Our markets are known for heavy sector focus and the free flow of investment fund cash into those sectors. Blockchain and cryptocurrency looks like the next one as a whole host of bandwagon jumpers are getting in on the action and raising funds. I believe that this is just the tip of the iceberg:
  • Global Blockchain Technologies Corp. (TSXV:BLOC), an investment company intent on getting into the blockchain and digital currency space, has risen from $1.54 to $2.34 in less than a month after its change in focus to blockchain without having done much of anything so far.
  • LeoNovus Inc (TSXV:LTV) has risen from $0.10 to $0.55 since HIVE debuted, having announced a preliminary agreement with a Big 6 Canadian bank for blockchain hardened data storage and security software.
  • Fintech Select (TSXV:FTEC) is in the final stages of releasing thousands of point-of-sale terminals for bitcoin and other cryptocurrencies across Canada. API integration was completed last week. There are currently around 260 in Canada and 1,750 worldwide.  
  • Sheldon Inwentash, former Pinetree Capital (TSX:PNP) executive and the highest paid Wall Street CEO in 2010, has returned with a new capital pool ThreeD Capital Inc. (CSE:IDK) with the intent of getting into blockchain-related businesses. Read my article about this here
These are just a few examples of the blockchain and cryptocurrency businesses that are popping up all over Canada's stock markets. But the chase for quick cash in one the the world's most notorious markets for quick cash chasers isn't the only barometer for the cryptocurrency market. According to this article in September, jobs in the cryptocurrency industry increased by over 100% compared to the previous six months. Fidelity has been looking hard into blockchain assets and has admitted to starting a small mining operation in September. The setting up of futures markets will help miners to reduce the fluctuation of cash flows according to spot prices, making this a more viable business to more people. None of these are indications that crypto mining has peaked or is fading like what the Morgan Stanley analyst suggests.

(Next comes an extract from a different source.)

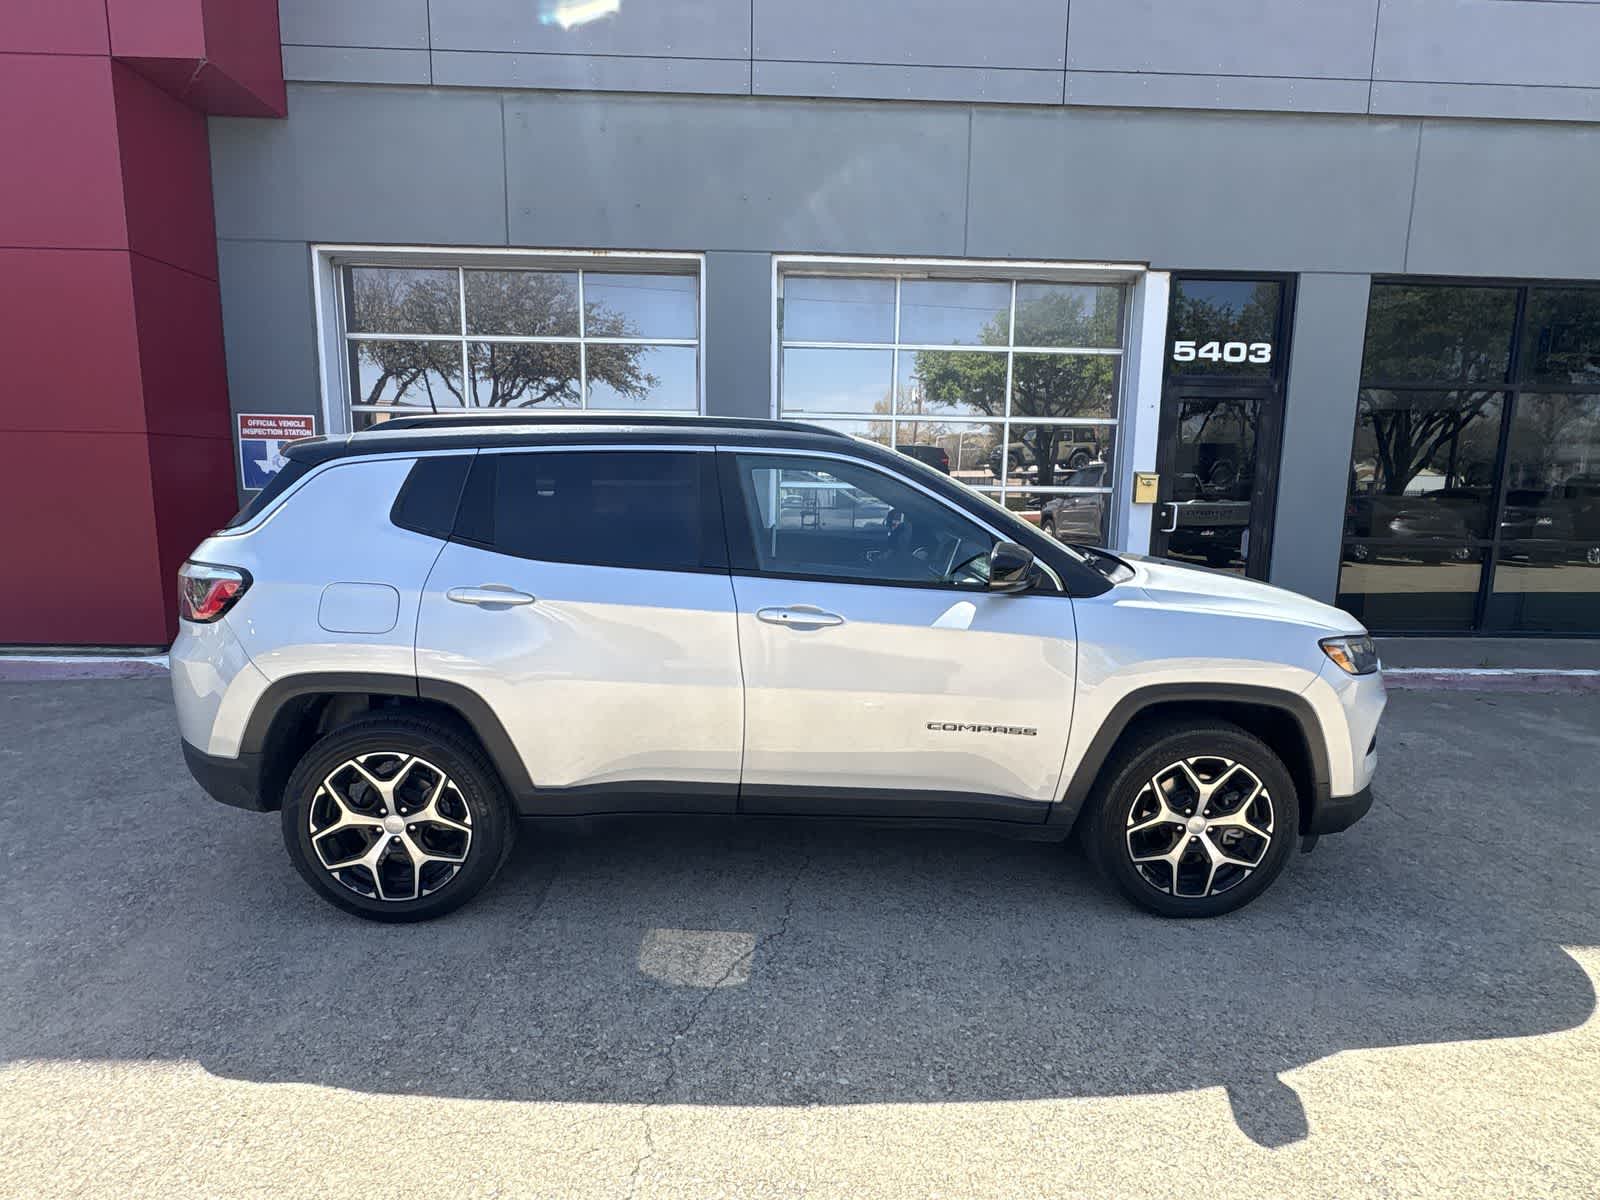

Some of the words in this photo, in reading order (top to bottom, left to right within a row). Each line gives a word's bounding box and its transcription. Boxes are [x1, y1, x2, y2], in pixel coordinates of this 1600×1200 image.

[1173, 341, 1271, 363] 5403
[247, 419, 277, 427] OFFICIAL
[284, 428, 312, 436] STATION
[927, 722, 1037, 736] COMPASS

Perhaps U.S. investors are more cautious or skeptical of new industries like this and that Morgan Stanley analyst or other bears can use that skepticism as a way to trash AMD. I understand the thought process behind the idea that cryptocurrencies are a house of cards ready to collapse at any time. I have written about this risk. But how are cryptocurrencies really that much more of a house of cards than the commodity futures markets or ETFs like SPDR Gold Shares (GLD) where far, far more paper trades than the actual underlying value of the goods backing that paper? Cryptocurrencies are like baseball cards or art. They don't have any inherent value, but they are worth exactly how much someone is willing to pay for them. And you can fetch 6-digits or more on the world's most sought after pieces of art or baseball cards, and it has been that way for years. So who knows how long this can last.

My experience is there is no indication that the cryptocurrency market and crypto mining markets are going to go away any time soon. The Morgan Stanley analyst is wrong about this being a fading revenue driver for AMD and AMD's CEO is wrong for being overly conservative about this industry, giving bears ammunition to say that AMD's strong Q3 performance will be short lived. I have taken advantage of that and managed to buy into a small position into AMD this week.